▸ **DATASET RECORDS**

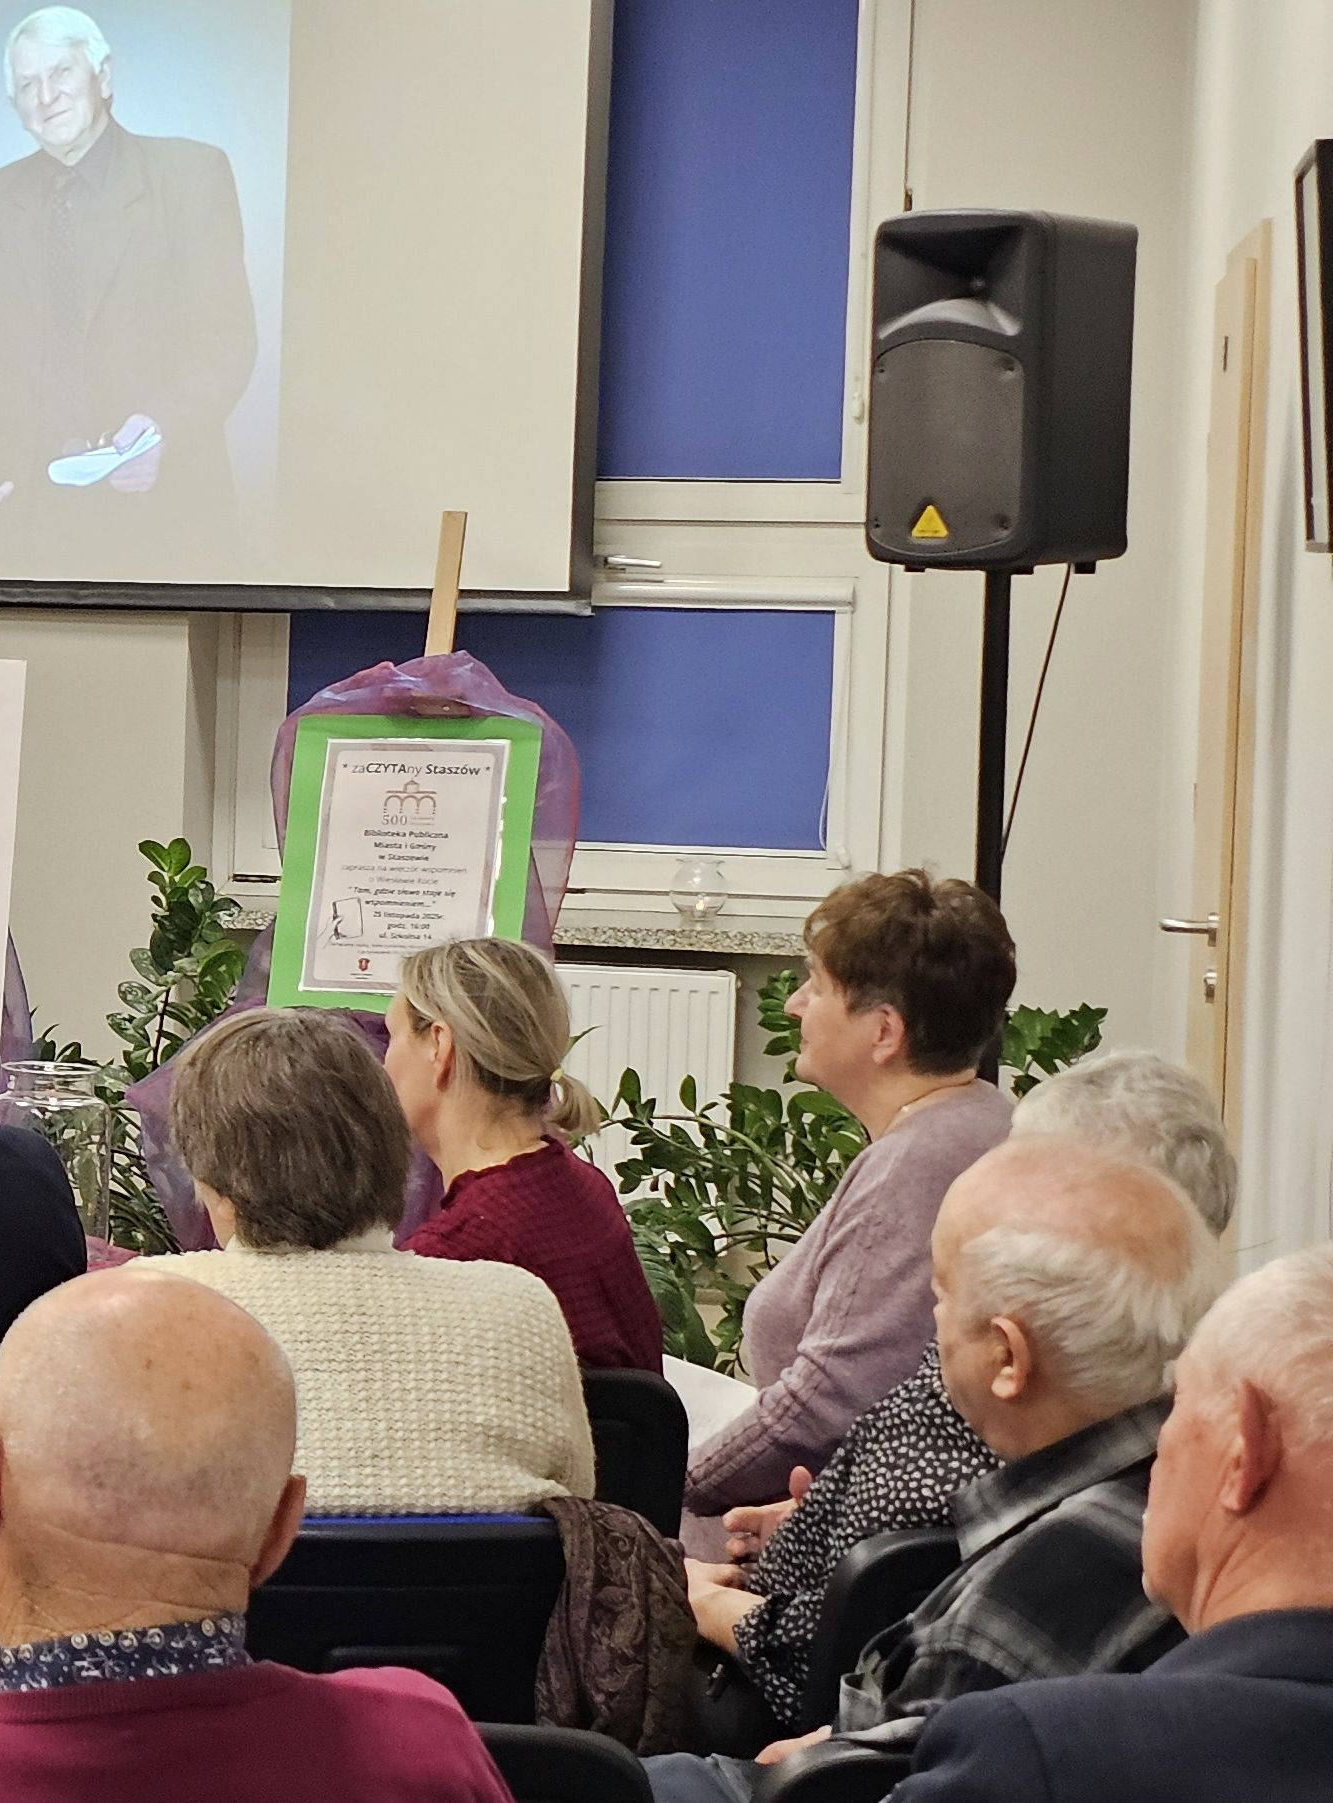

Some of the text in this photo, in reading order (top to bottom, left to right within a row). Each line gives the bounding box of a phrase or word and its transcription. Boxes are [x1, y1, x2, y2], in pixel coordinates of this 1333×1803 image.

[352, 763, 480, 777] zaCZYTAny Staszów
[381, 814, 408, 826] 500
[364, 829, 449, 839] Biblioteka Publiczna
[409, 843, 437, 851] Gminy
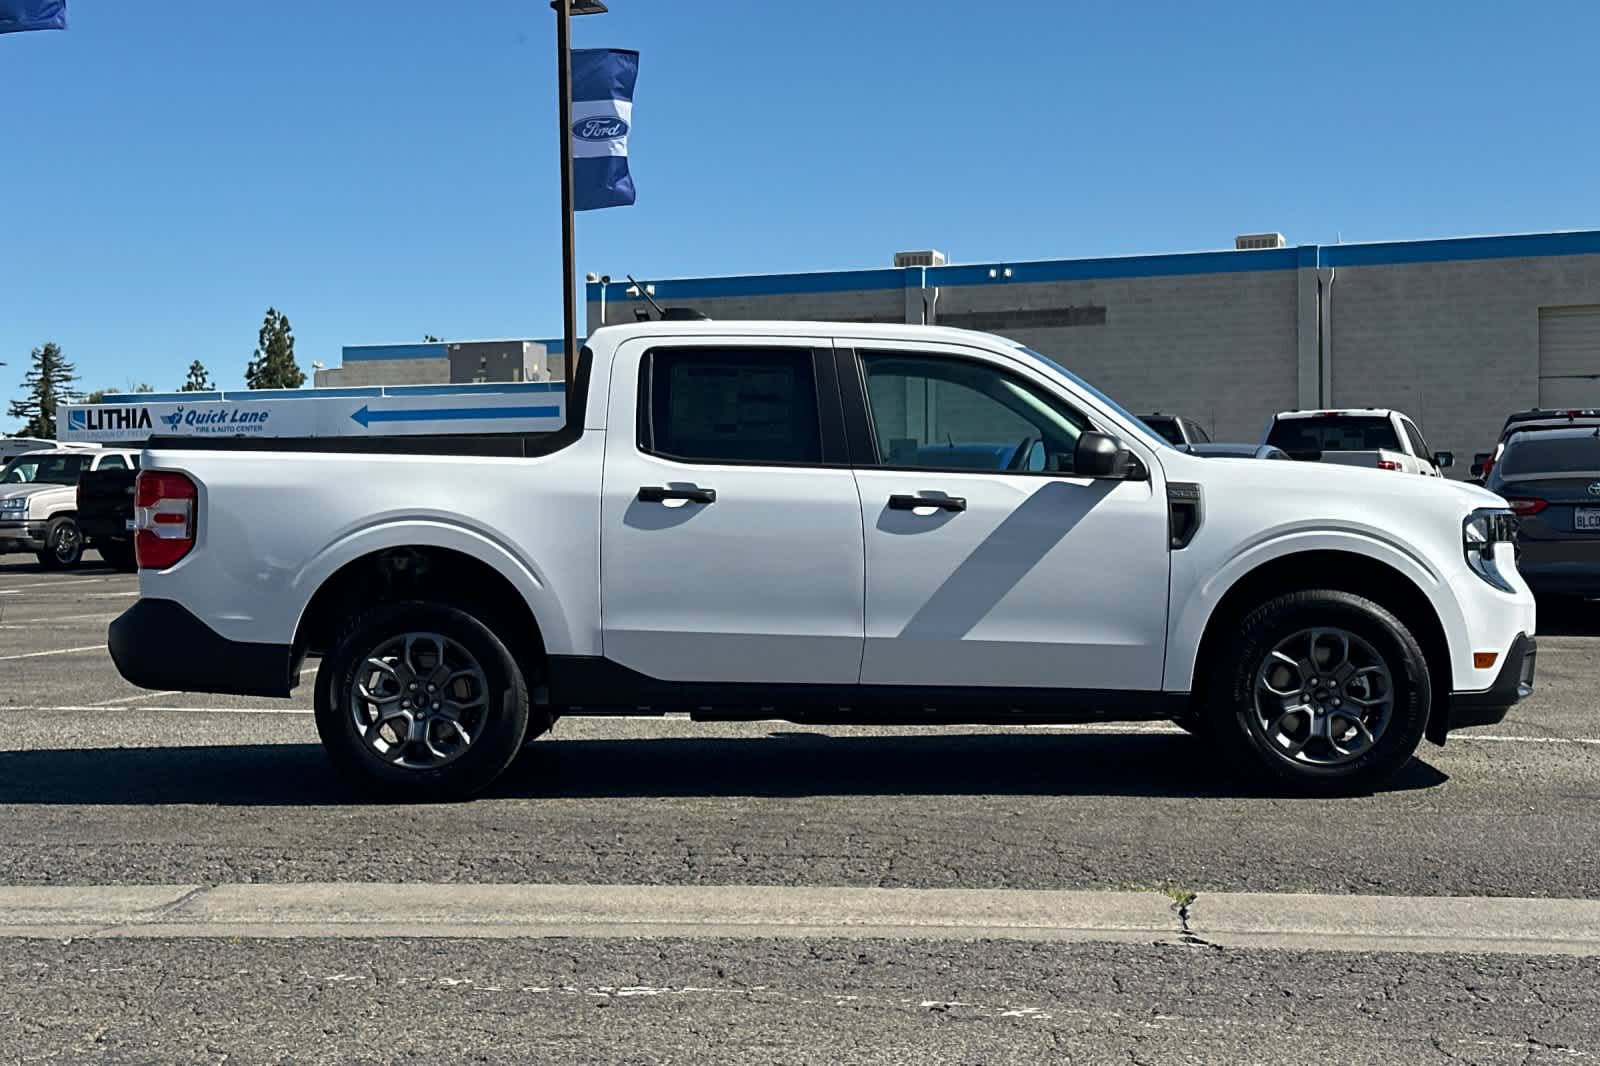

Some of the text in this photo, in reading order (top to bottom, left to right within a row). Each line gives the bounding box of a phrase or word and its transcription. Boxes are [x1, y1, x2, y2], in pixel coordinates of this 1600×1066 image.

[582, 120, 620, 137] Ford
[87, 408, 152, 430] LITHIA
[185, 409, 269, 426] Quick Lane
[195, 425, 209, 433] TIRE
[217, 425, 235, 433] AUTO
[235, 425, 263, 433] CENTER

▸ **PROBLEM STATEMENT**
Your answer must be an exact copy of every entry, with the pictures left out.

▸ **EXPECTED ANSWER**
Some of the text in this photo, in reading order (top to bottom, left to right within a row). Each line gives the bounding box of a phrase or word and its transcription. Boxes are [x1, y1, x2, y2], in pixel coordinates of this 1333×1803 image.

[352, 763, 480, 777] zaCZYTAny Staszów
[381, 814, 408, 826] 500
[364, 829, 449, 839] Biblioteka Publiczna
[409, 843, 437, 851] Gminy

Some of the text in this photo, in reading order (top to bottom, left to right within a row). Each line gives the bounding box of a phrase or word and its transcription. Boxes are [x1, y1, x2, y2], in pixel coordinates of this 1600×1066 image.

[582, 120, 620, 137] Ford
[87, 408, 152, 430] LITHIA
[185, 409, 269, 426] Quick Lane
[195, 425, 209, 433] TIRE
[217, 425, 235, 433] AUTO
[235, 425, 263, 433] CENTER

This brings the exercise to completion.